Un podium de l’Arc 2024 riche d’enseignements en matière de diversité génétique et d’inbreedings
Avec le succès de Bluestocking (Camelot), Juddmonte est devenu le propriétaire le plus titré de l’histoire du Prix de l’Arc de Triomphe (Gr1) avec sept victoires. Les cinq dernières ont été acquises avec des chevaux élevés par Khalid Abdullah et les siens. Quand on regarde leur pedigree, on remarque que les deux derniers – Enable (Nathaniel) et Bluestocking – présentent des inbreedings bien visibles dans les quatre premières générations de leur pedigree. L’élevage est parfois contre-intuitif car la consanguinité sur Danehill (Danzig), comme chez Bluestocking, est statistiquement négative… Or à première vue si on se borne à lister les très bons chevaux (l’étude des taux de réussite ne confirme pas cela) cet inbreeding en particulier semble être une formule qui fonctionne avec Camelot (Montjeu).
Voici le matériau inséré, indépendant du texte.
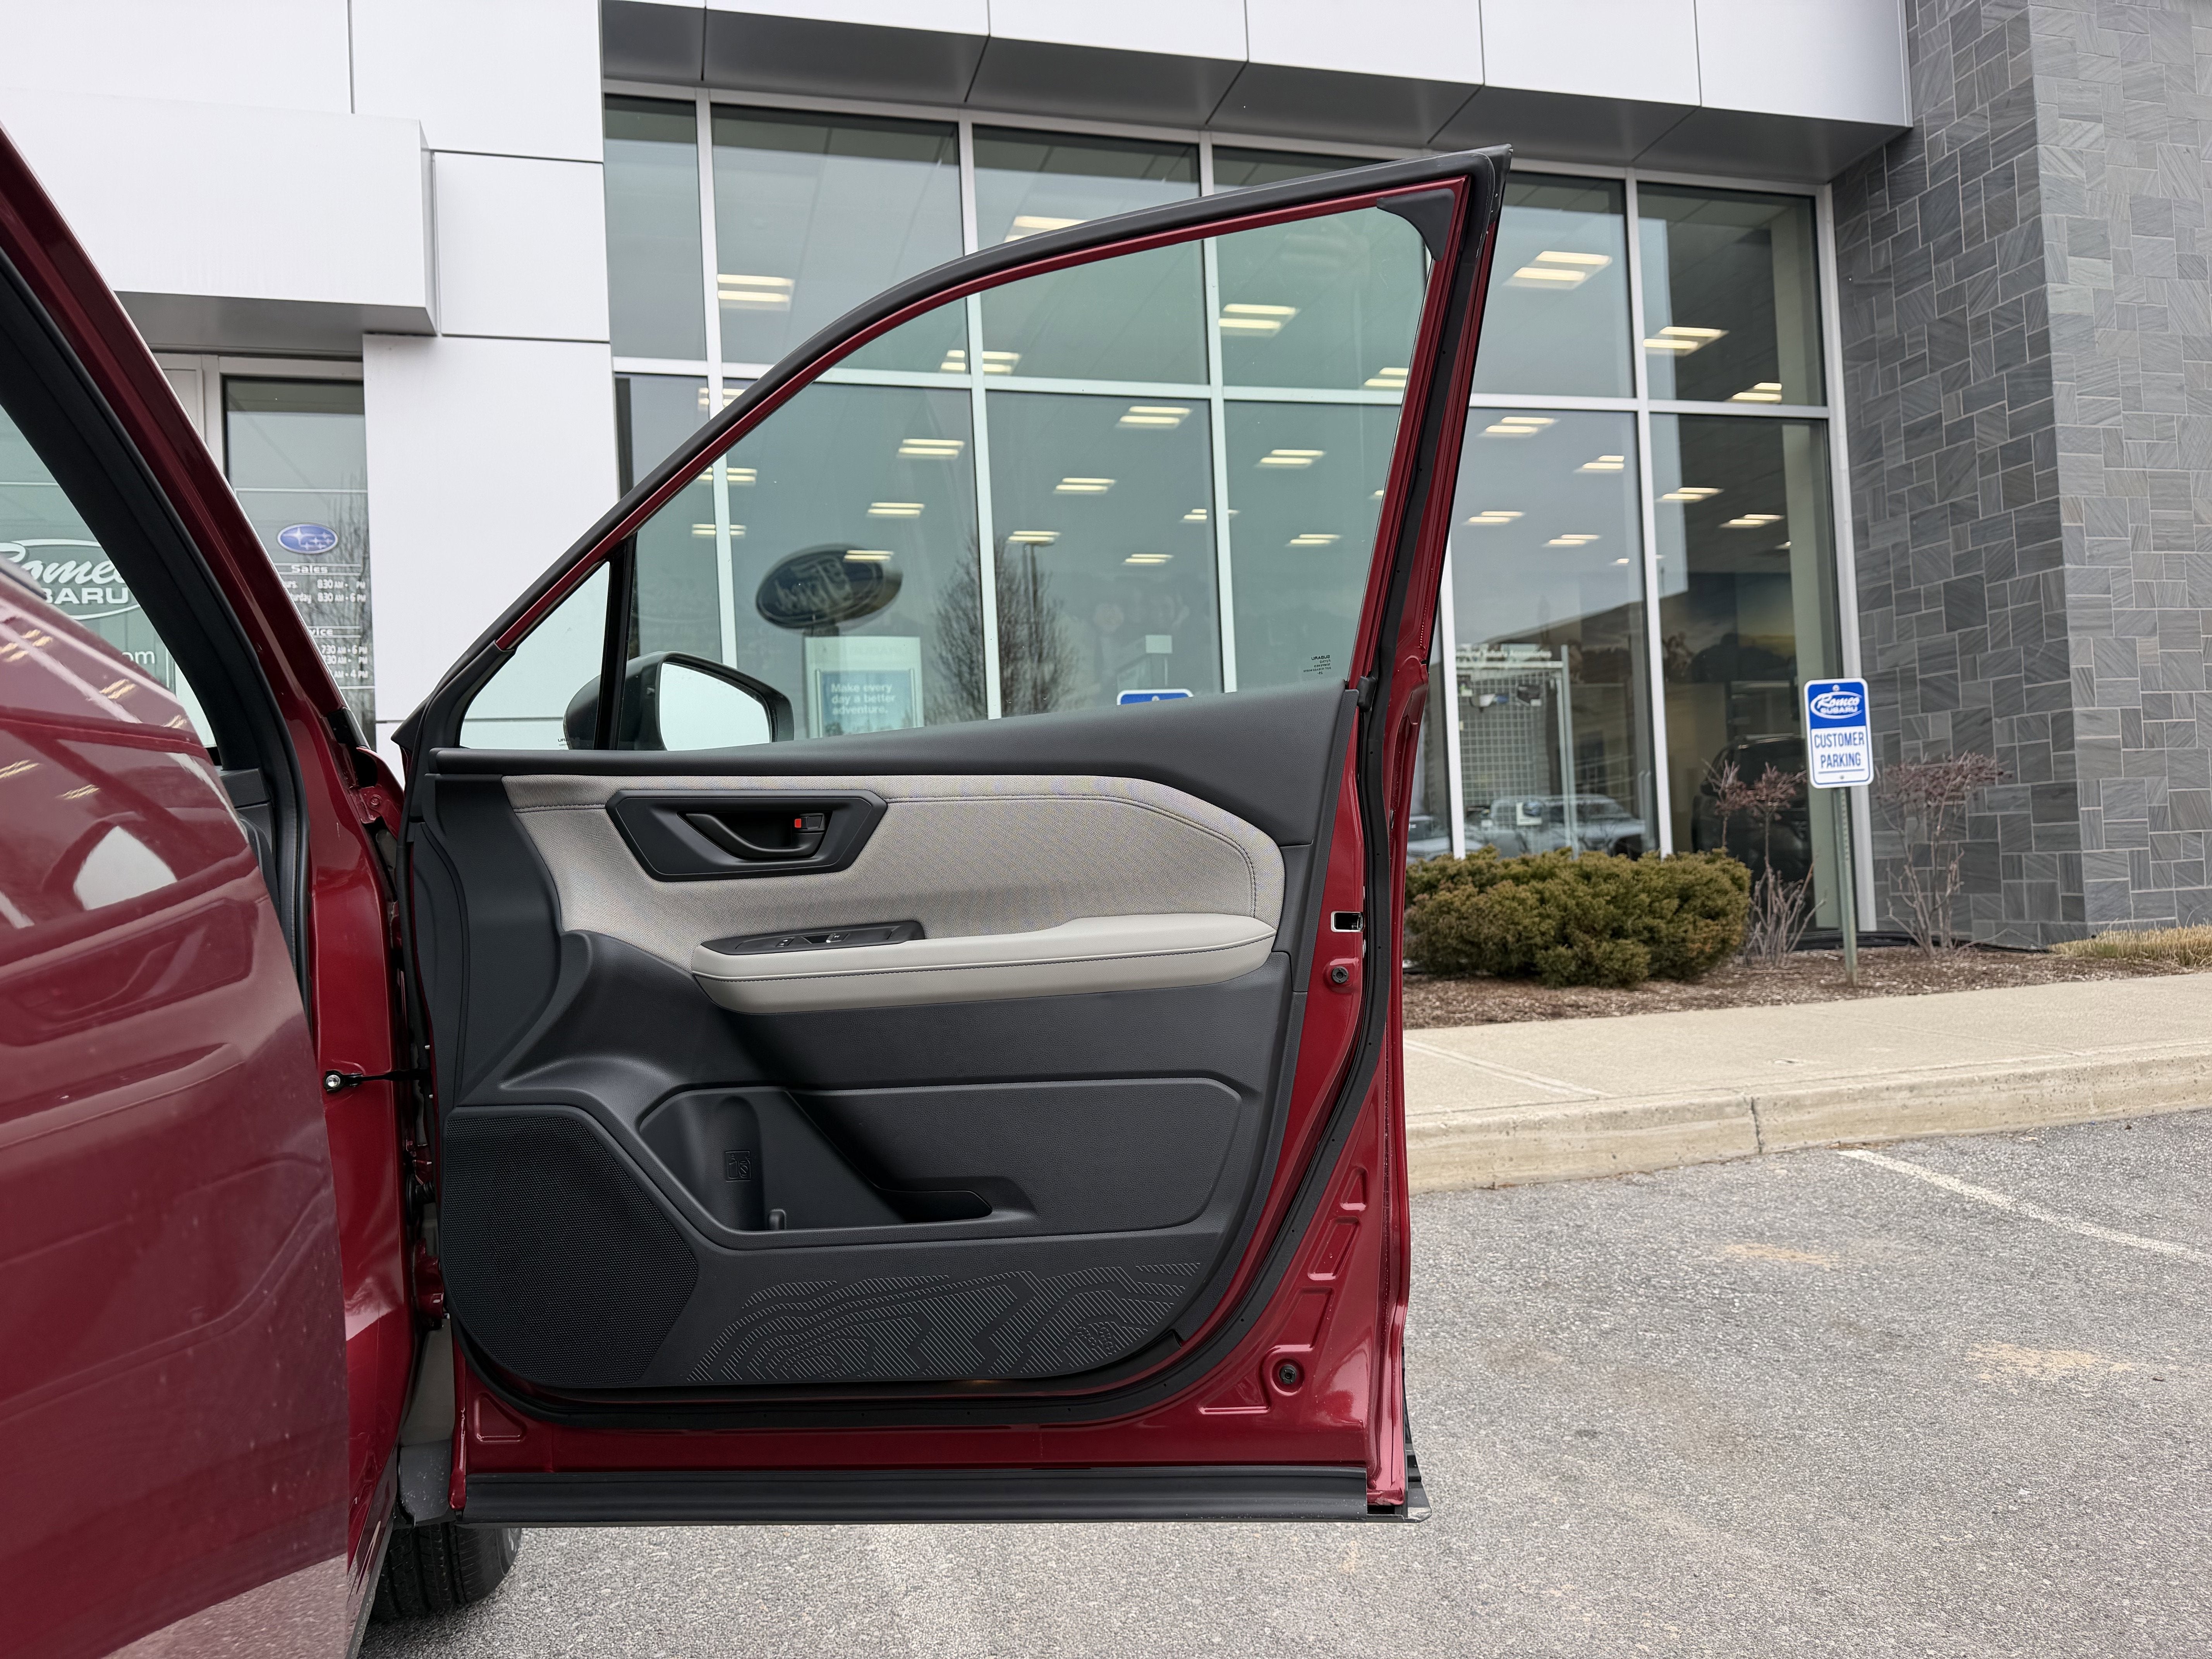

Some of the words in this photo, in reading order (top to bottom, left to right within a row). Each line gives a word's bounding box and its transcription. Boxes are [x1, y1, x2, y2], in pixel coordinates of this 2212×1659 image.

[291, 564, 328, 574] Sales
[350, 593, 356, 602] 6
[352, 645, 357, 654] 6
[350, 669, 356, 678] 4
[831, 684, 860, 692] Make
[863, 684, 892, 694] every
[831, 695, 851, 705] day
[863, 694, 895, 703] better
[1817, 696, 1860, 709] Romeo
[1814, 732, 1865, 749] CUSTOMER
[1820, 752, 1861, 768] PARKING
La deuxième mère de cet étalon est une fille de Danehill et sur ses douze gagnants de Gr1, huit ont un père de mère de la lignée mâle de Danzig (Northern Dancer), le père de Danehill. Comment des éléments aussi contradictoires peuvent-ils être expliqués ? Probablement par le fait que les inbreedings tels qu’ils apparaissent sur le papier ne sont pas forcément ceux qui existent réellement dans le génome de nos chevaux…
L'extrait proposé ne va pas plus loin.